(Dani Borges/Instagram playback)
Unfortunately, conquering the so-called “six pack abs” is not easy. In fact, you have to face facts: the goal may be virtually impossible for some. “This happens due to the biological individuality of each person — some are more likely to lose or accumulate fat in certain parts of the body”, explains the nutritionist Dani Borgeshealth coach and physical educator.
In addition, even with training focused on the region and proper nutrition, it is not possible to determine which part of the body will “dry”. That’s because the slimming process occurs in the body as a whole.
BUT HOW TO GET A TANK BELLY?
If even with all the bad news, you’re still determined to do well in the “flat belly” project, the expert explains how it should work. “To get a six-pack, the first step is to start building muscle under the belly fat layer through resistance training (weight training),” she says.

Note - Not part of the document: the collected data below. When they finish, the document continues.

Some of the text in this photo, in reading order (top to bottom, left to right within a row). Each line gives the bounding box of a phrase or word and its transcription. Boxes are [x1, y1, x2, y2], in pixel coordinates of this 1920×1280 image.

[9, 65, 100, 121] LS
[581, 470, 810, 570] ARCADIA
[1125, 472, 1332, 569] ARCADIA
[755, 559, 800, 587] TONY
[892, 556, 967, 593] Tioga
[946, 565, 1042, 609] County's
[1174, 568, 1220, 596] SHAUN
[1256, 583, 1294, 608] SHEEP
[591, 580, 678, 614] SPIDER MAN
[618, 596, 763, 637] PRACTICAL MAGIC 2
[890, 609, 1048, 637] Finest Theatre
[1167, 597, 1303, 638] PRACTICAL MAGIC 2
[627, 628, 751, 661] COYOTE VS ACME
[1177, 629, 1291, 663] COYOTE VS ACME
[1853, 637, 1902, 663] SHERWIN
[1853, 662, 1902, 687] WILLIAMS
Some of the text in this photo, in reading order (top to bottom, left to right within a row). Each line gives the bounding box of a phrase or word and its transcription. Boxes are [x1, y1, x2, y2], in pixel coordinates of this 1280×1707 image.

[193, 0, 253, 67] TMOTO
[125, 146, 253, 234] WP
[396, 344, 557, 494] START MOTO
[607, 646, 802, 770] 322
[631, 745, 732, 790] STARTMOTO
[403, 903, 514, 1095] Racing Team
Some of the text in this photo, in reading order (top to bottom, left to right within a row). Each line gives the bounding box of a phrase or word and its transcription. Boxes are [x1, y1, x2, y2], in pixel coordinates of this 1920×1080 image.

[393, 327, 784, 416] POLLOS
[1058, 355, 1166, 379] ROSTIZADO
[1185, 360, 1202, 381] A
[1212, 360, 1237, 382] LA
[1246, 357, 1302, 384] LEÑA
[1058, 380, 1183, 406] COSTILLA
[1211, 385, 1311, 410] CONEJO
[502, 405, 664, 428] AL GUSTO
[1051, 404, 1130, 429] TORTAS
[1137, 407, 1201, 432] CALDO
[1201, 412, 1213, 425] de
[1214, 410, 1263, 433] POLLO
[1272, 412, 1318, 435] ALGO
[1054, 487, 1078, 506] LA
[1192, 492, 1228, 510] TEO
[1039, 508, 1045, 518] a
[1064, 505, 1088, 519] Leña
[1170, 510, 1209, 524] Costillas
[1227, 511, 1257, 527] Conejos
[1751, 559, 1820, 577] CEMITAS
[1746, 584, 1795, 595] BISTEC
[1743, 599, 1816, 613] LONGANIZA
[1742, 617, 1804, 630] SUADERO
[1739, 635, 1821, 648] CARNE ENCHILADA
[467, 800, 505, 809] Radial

Exercises need to be concentrated on muscle hypertrophy in the region, improving tone and reducing flaccidity. But it doesn’t stop there: there’s no point in having a well-strengthened abdomen, but covered by a fat strip.
Therefore, food should be aimed at reducing body fat. “That way, you start to see the muscles that have been hypertrophied”, says Dani Borges. According to her, what you eat is the main factor in getting six pack abs. “The phrase ‘abs are built in the kitchen’ is 100% true.”
TIPS FOR A TANK BELLY
“Focus on food”; “Keep bodybuilding up to date: I advise you to distribute training so that you can work your abdomen two to three times a week — with three or four series and three to five exercises per session”; “Increase your consumption of lean proteins, such as fish, low-fat meats, chicken and eggs; “Avoid sugar, fried, industrialized and processed foods”; “Drink plenty of water: about 35ml for every pound of body weight per day.”
ABDOMEN TRAINING
As a bonus, the physical educator even recommends a series for you to add to your next workouts:
– (Dani Borges/Disclosure)
– (Dani Borges/Disclosure)
– (Dani Borges/Disclosure)
Straight abdominals (hands outstretched)
– (Dani Borges/Disclosure)
“Perform one exercise after another, without breaks. The rest (of 30 seconds) is only after the whole circuit, which must be repeated three or four times.”
Beginner: Perform 10 to 12 repetitions of each exercise;
Intermediary: Perform 12 to 15 repetitions of each exercise;
Advanced: Perform 15 to 20 repetitions of each exercise.